Supply of potable drinking water has been a top priority of Central and State governments. Following are the highlights of these initiatives;
- Constant efforts have been made in this direction starting from the Bhore Committee in 1946 to Accelerated Rural Water Supply Programme (1972), & ‘Swajal Dhara’ scheme (1999) by empowering & involving local communities in tacking water and sanitation issues.
- In 1981 Government of India launched international Water Supply & Sanitation Decade (81 – 90) Programme with one of targets being 100 % coverage of Rural & urban population with safe drinking water supply facilities.
- ‘Bharat Nirman’ was a flagship programme of the Central Government which created the required infrastructure to provide good quality water to rural households. Rural drinking water was one of six components of Bharat Nirman.
- National Rural Drinking Water Programme (NRDWP) aims at assisting States in providing adequate & safe drinking water to rural population in the country. In 2018-19, the scheme was allocated Rs. 7,000 crore and the Ministry is aspiring to achieve ‘Har Ghar Jal’ by 2030, in line with UN’s Sustainable Development Goals.
- Earlier, drinking water to rural population has been provided through hand pump, tube wells & piped water supply, but now the thrust area is preferably through a balanced mix of sustainable surface & groundwater based resources.
- Piped Water Supply (PWS) : Till 6 January 2019, 18 % of rural households had been provided with Piped Water Supply (PWS) household connections.
- Some States have provided piped water to more than half of rural households while others such as Uttar Pradesh & Bihar have minimal (Less than 5%) piped water coverage.
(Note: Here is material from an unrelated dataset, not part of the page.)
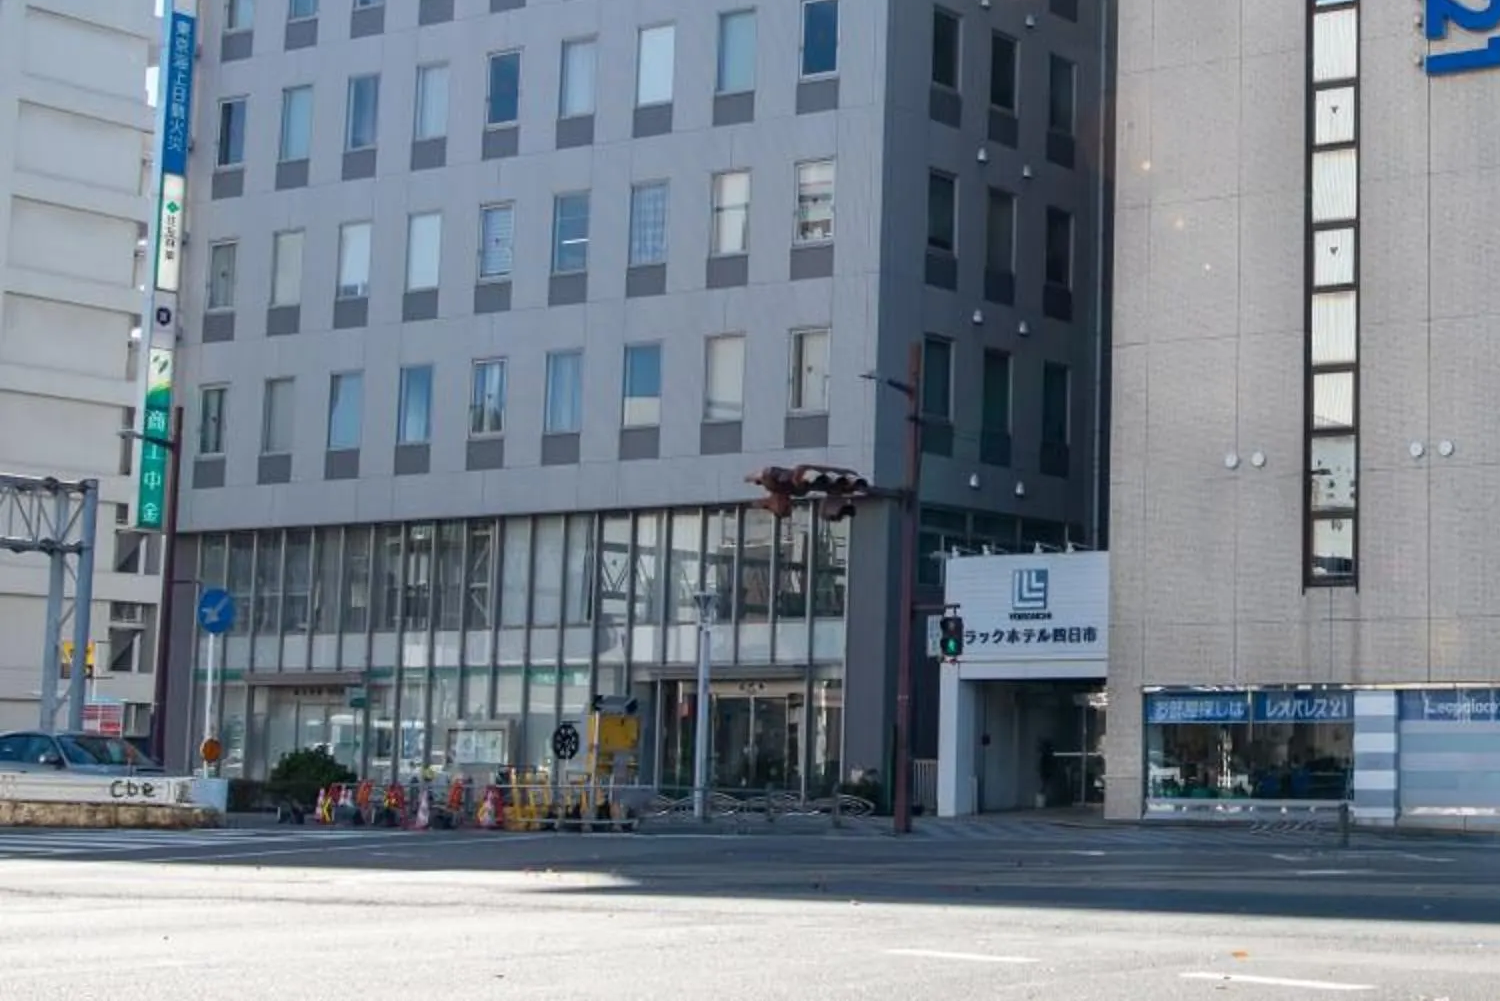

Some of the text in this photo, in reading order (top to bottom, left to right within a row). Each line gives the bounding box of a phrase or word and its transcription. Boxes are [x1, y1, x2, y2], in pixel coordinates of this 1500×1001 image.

[142, 409, 166, 522] 商工中金
[964, 626, 1098, 644] ラックホテル四日市
The central government aims to cover 90 percent of rural households with tap connections by 2022.
- A pilot project in the name of “Swajal” that is designed as a demand driven & community Centred programme to provide sustainable access to drinking water to people in rural areas. Swajal was originally launched in the year 2018 in six States of Bihar, Maharashtra, Madhya Pradesh, Uttar Pradesh, Uttarakhand & Rajasthan. Later it was extended to all the 112 aspirational districts identified by NITI Aayog.
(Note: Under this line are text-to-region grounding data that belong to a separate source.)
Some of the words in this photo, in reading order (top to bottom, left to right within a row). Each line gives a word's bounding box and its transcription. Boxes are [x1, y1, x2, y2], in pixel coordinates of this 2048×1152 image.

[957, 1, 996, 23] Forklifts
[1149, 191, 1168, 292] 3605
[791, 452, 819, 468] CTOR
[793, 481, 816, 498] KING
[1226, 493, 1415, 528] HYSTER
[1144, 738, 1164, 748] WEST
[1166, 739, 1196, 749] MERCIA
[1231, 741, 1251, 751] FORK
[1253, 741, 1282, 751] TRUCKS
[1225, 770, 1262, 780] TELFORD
- Atal Bhujal Yojana: Central Government has come up with a Rs. 6,000 crore World Bank aided scheme with community participation to ensure sustained groundwater management. in overexploited & ground water stressed areas in seven states.
- In March 2017, the Ministry of Drinking Water and Sanitation started a new sub-programme under NRDWP known as National Water Quality Sub-Mission (NWQSM). The Sub-programme aims to address urgent need for providing clean drinking water in already identified 28,000 arsenic & fluoride affected habitations.
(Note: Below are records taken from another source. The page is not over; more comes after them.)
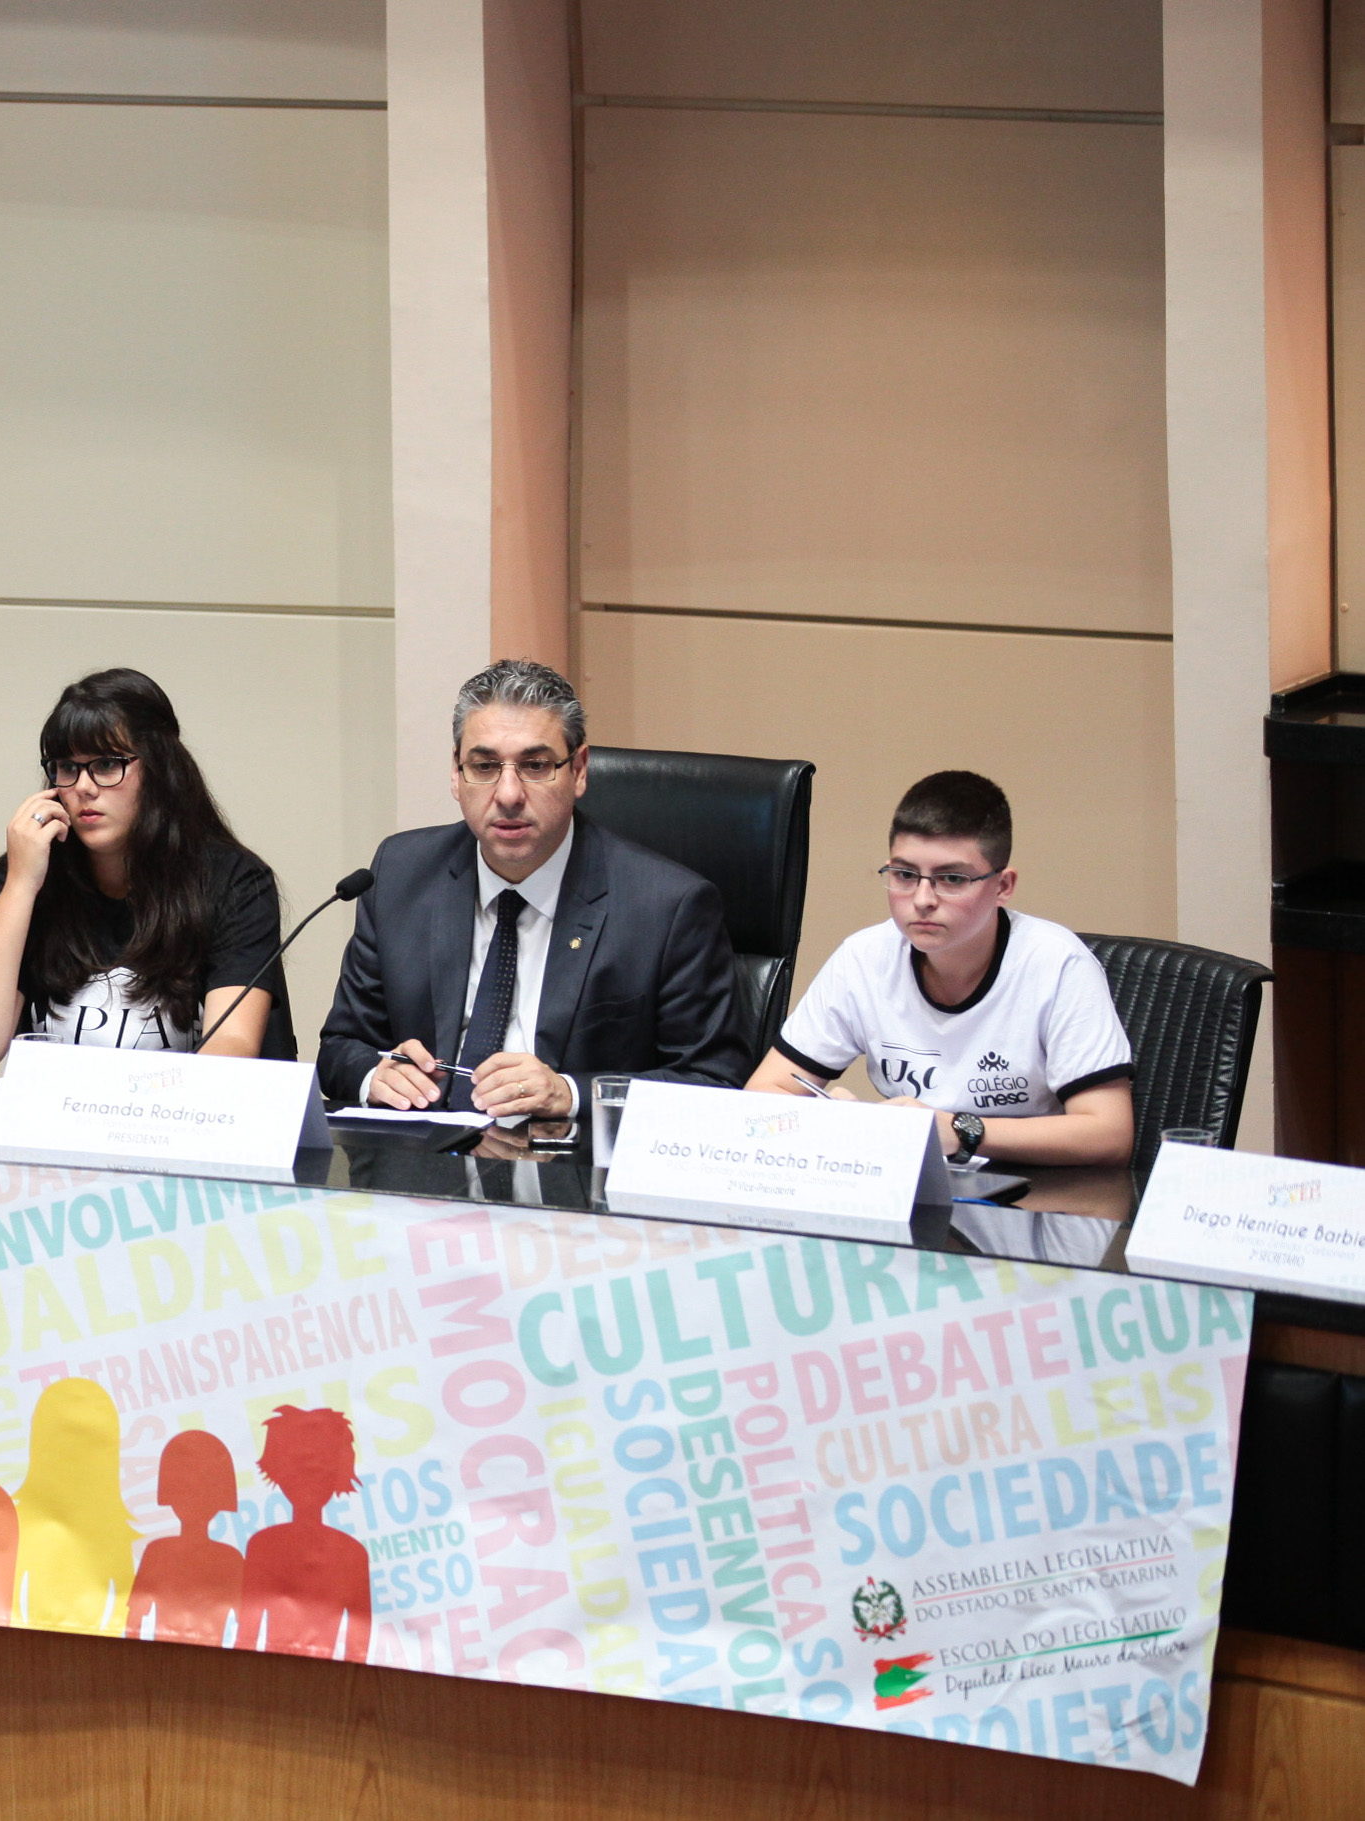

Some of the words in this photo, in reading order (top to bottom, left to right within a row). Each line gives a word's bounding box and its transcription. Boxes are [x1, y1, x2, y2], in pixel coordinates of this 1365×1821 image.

[62, 1097, 144, 1118] Fernanda
[150, 1104, 235, 1125] Rodrigues
[967, 1075, 1028, 1093] COLÉGIO
[974, 1091, 1029, 1109] unesc
[107, 1131, 170, 1145] PRESIDENTA
[649, 1139, 692, 1158] João
[698, 1143, 749, 1164] Victor
[754, 1149, 809, 1170] Rocha
[815, 1154, 883, 1178] Trombim
[1184, 1204, 1231, 1228] Diego
[1236, 1213, 1309, 1239] Henrique
[518, 1237, 985, 1388] CULTURA
[80, 1288, 418, 1414] TRANSPARÊNCIA
[791, 1302, 1071, 1426] DEBATE
[1071, 1284, 1254, 1370] IGUA
[815, 1394, 1043, 1489] CULTURA
[1047, 1361, 1215, 1448] LEIS
[724, 1362, 828, 1642] POLÍTICA
[834, 1431, 1223, 1566] SOCIEDADE
[668, 1368, 791, 1717] DESENVOL
[912, 1558, 1038, 1599] ASSEMBLEIA
[1043, 1534, 1173, 1574] LEGISLATIVA
[915, 1599, 943, 1623] DO
[947, 1590, 1009, 1617] ESTADO
[1015, 1587, 1036, 1606] DE
[1042, 1576, 1096, 1600] SANTA
[1098, 1563, 1179, 1589] CATARINA
[939, 1637, 1019, 1668] ESCOLA
[1022, 1628, 1055, 1653] DO
[1062, 1606, 1187, 1645] LEGISLATIVO
[945, 1665, 1013, 1700] Deputado
[1062, 1653, 1111, 1675] Mauro
[1116, 1643, 1137, 1664] da
- To further strengthen the community participation in the drinking water supply for the sustainability, National Rural Drinking Water Quality Monitoring & Surveillance has been launched in February, 2006 under which 5 persons in each Gram Panchayat are to be trained to carry out regular surveillance of drinking water sources for which 10 % financial assistance including water testing kits, are provided by Government.
Recent Central government programmes related to Water
Jal Shakti Abhiyan
- The Jal Shakti Abhiyan (JSA) is a time-bound, mission-mode water conservation campaign.
- The JSA will run in two Phases: Phase 1 from 1st July to 15th September 2019 for all States and Union Territories; and Phase 2 from 1st October to 30th November 2019 for States and UTs receiving the retreating monsoon (Andhra Pradesh, Karnataka, Puducherry and Tamil Nadu).
- During the campaign, officers, groundwater experts and scientists from the Government of India will work together with state and district officials in India’s most water-stressed districts for water conservation and water resource management by focusing on accelerated implementation of five target intervention.
- The JSA aims at making water conservation a Jan Andolan through asset creation and extensive communication.